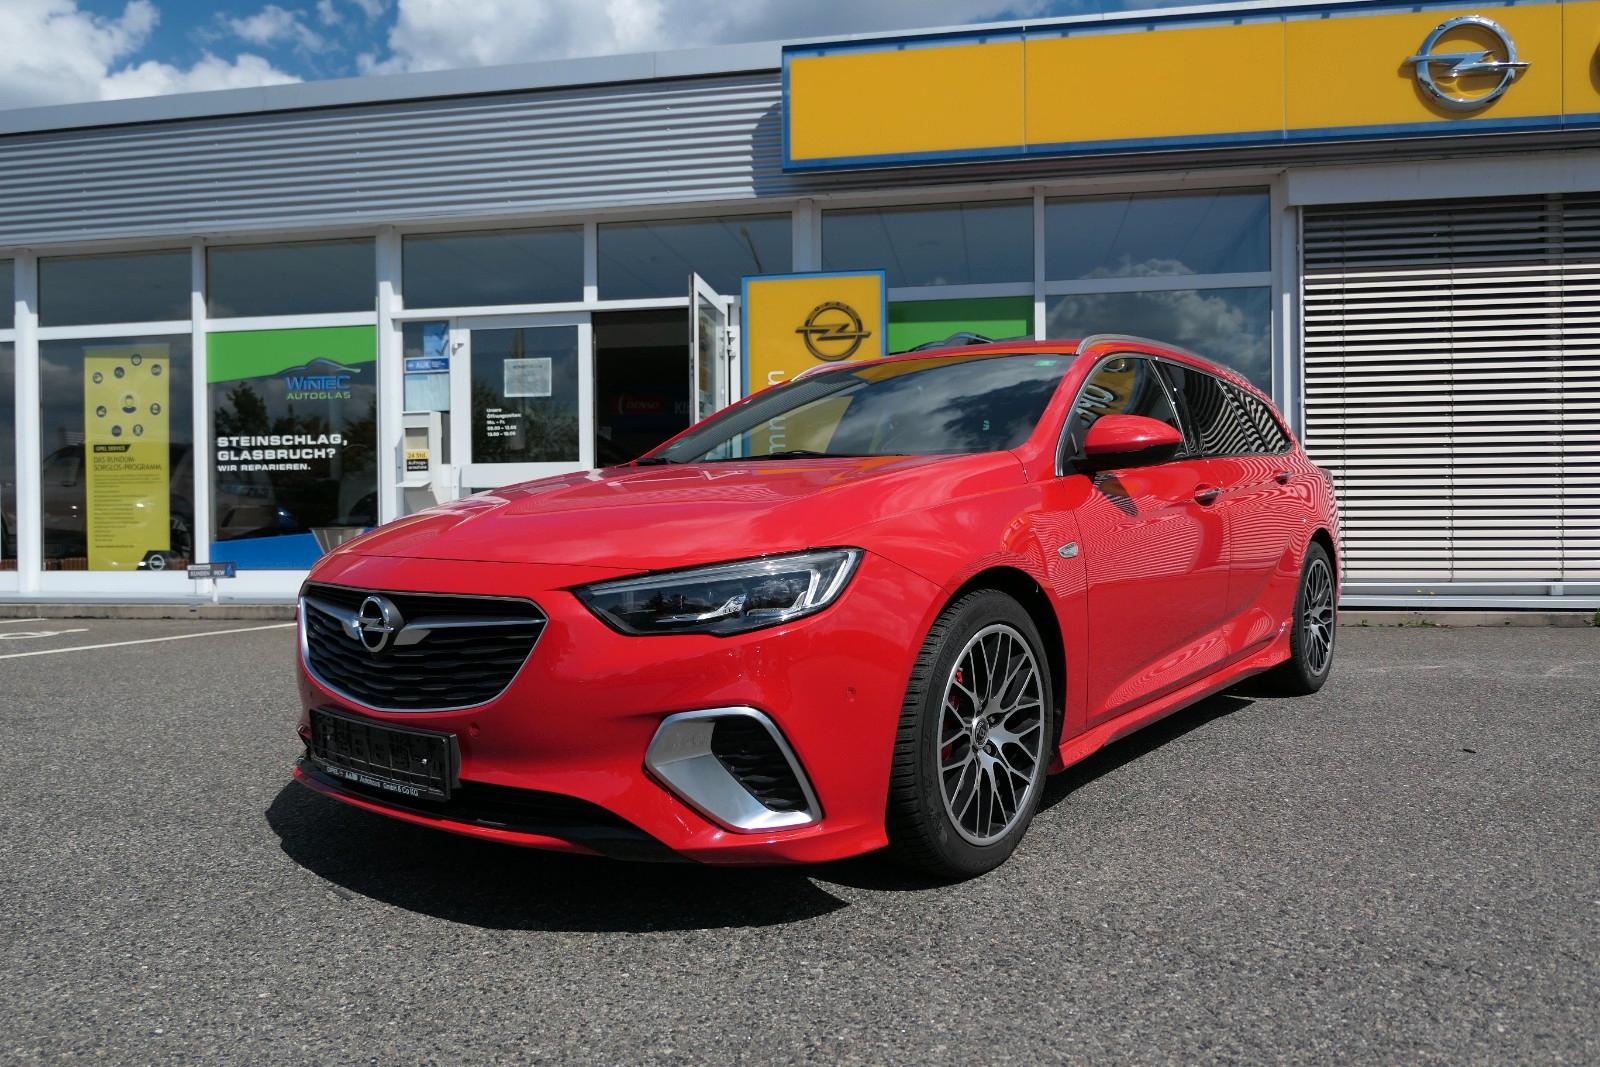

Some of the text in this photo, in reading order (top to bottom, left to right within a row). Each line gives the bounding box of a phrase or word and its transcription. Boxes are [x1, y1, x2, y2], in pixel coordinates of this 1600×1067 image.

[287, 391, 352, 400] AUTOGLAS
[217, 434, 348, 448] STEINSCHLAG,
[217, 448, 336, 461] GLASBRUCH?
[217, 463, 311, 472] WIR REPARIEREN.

——————

- **Task prompt**
Above are the entries; write them out again exactly, omitting the pictures.

- **Problem solution**
Some of the text in this photo, in reading order (top to bottom, left to right within a row). Each line gives the bounding box of a phrase or word and its transcription. Boxes are [x1, y1, x2, y2], in pixel coordinates of this 1600×1067 image.

[287, 391, 352, 400] AUTOGLAS
[217, 434, 348, 448] STEINSCHLAG,
[217, 448, 336, 461] GLASBRUCH?
[217, 463, 311, 472] WIR REPARIEREN.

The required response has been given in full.